Bacteria are microzymas

Alan Cantwell

A century and a half ago, Bechamp declared the microzyma is the essential unit of life. As a medical doctor, a microscopist and a cytologist (a specialist in the study of cells), he observed tiny, round granular bodies within the cells that glistened as tiny sparkles of refracted light. He was not the first to see the granules, but he was the first to suspect these “little bodies” might hold the key to the origin of life. Other scientists who observed these forms named them “scintillating corpuscles” and “molecular granulations.” Bechamp explored the nature and function of these granules contained within all human cells.

He studied them in various diseases. In tuberculosis (TB) the unhealthy cells contained large numbers of these granules. His varied academic background in medicine, chemistry and physics, and his special expertise in the use of polarized light, allowed him to devise unique biological experiments. Ultimately he showed that microzymas are tiny chemical factories which have the ability to ferment. Microzymas were named after Greek words meaning “small” and “ferment.”

Chemical tests proved microzymas were insoluble in water; and composed of hydrogen, carbon, and other elements, and produced nucleic acid. When heated to high temperatures they lost their ability to ferment. The microzymas were alive and teemed with chemically active energy. Bechamp declared that they were essential and indispensable anatomic cellular elements which digested, transformed, and assimilated nutrients required by the cells. He tried to kill them, but they proved indestructible. They were present in the amoeba, the smallest form of animal life; and within the smallest forms of plant life. Microzymas of each organ behaved differently from one another with different biochemical properties. The microzymas in the organs of young people differed biochemically from those in old people.

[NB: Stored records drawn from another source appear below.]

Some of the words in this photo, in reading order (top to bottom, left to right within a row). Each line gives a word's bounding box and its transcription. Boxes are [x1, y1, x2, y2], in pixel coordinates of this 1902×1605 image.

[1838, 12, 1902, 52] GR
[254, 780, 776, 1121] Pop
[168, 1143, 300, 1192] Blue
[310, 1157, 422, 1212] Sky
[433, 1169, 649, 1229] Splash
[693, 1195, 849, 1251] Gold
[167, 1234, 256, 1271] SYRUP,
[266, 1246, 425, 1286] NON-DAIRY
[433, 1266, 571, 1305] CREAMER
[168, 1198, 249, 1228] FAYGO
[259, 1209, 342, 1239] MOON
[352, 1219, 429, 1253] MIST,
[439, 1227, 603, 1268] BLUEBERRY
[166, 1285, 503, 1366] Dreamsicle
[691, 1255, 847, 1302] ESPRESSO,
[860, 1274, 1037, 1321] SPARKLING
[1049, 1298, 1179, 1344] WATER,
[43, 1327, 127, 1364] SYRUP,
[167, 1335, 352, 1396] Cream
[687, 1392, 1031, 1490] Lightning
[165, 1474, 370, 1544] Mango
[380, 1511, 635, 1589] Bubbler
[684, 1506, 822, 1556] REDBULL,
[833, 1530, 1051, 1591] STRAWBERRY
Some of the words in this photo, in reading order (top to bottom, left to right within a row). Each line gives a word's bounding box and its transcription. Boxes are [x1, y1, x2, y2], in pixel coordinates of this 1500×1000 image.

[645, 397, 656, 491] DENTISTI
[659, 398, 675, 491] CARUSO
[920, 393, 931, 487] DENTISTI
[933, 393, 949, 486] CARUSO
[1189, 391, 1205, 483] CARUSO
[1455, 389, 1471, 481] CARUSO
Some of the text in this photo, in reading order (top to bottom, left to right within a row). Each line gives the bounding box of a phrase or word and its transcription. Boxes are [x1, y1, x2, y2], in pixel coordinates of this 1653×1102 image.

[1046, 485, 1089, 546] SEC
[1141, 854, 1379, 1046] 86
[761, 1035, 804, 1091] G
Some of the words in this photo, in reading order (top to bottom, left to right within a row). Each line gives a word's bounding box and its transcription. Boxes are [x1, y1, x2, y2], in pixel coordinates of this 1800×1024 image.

The transformation of microzymas into bacteria

Bechamp made a tremendous scientific discovery. Under certain conditions (and by a process known as “vibrionen evolution”) he observed microzymas transform into bacteria! First, they enlarged into round coccoid forms. Then the round forms might couple into two or more units; or they might sprout into rod forms of bacteria. Bechamp was sure the “little bodies” were involved in the fermentation process and in the production of disease.

Where do microzymas come from? He startled the scientific world by declaring: “They are the organized and yet living remains of beings that lived in long past ages. They are the transmitters of heredity. Within the chromatin material of the human sperm are contained all the microzymian granules needed to genetically reproduce all the different cells essential for the reproduction of the human species.”

Bechamp taught that all life arises from microzymas. After many laboratory experiments and microscopic examinations of these granules, the physician-scientist claimed that microzymas were capable of developing into common living organisms that go by the name of bacteria. Some of these intermediate bacterial stages were regarded by experts as different species, but to Bechamp they were all related and derived from microzymas.

Bechamp versus Pasteur

Antoine Bechamp (1816-1908) had an incredible list of scientist appointments at French universities: Doctor of Science, Doctor of Medicine, Professor of Medical Chemistry and Pharmacy at Montpelier, Professor of Physics and Toxicology at Strasbourg. The list goes on and on.

During his lifetime Bechamp was overshadowed by the iconic chemist Louis Pasteur (1822-1895), the most celebrated scientist of the nineteenth century. He is considered the Father of Medical Microbiology. And some call him the Father of Modern Medicine, a title quite remarkable as Pasteur was not a physician. Both men were highly-regarded members of the French Academy of Science, and each submitted their scientific findings to the Academy for review and publication.

Because Bechamp frequently criticized Pasteur’s work, an intense rivalry and feud between the two intensified in the Academy. But no matter how carefully Bechamp argued against some of Pasteur’s scientific methods and conclusions, the Academy always gave the nod to Pasteur.

As a chemist, Pasteur lacked Bechamp’s varied professional accreditations in the fields of biology, physics and pharmacology. Despite this, he achieved great fame by saving the French beer and wine and silkworm industries, and with pasteurization and vaccine research. He was consumed with fermentation experiments and with proving “air germs” were the basis for human disease, although he provided no explanation for the origin of atmospheric germs or how life began on Earth. In Bechamp’s view, Pasteur’s “air germs” had nothing to do with the origin and appearance of these microzymas in tissue. In fact, he wrote that Pasteur’s air germs most likely derived from dying life-forms. Adding more heresy to Pasteur’s dogma, Bechamp wrote that without oxygen, microzymas do not die—they go into a state of rest.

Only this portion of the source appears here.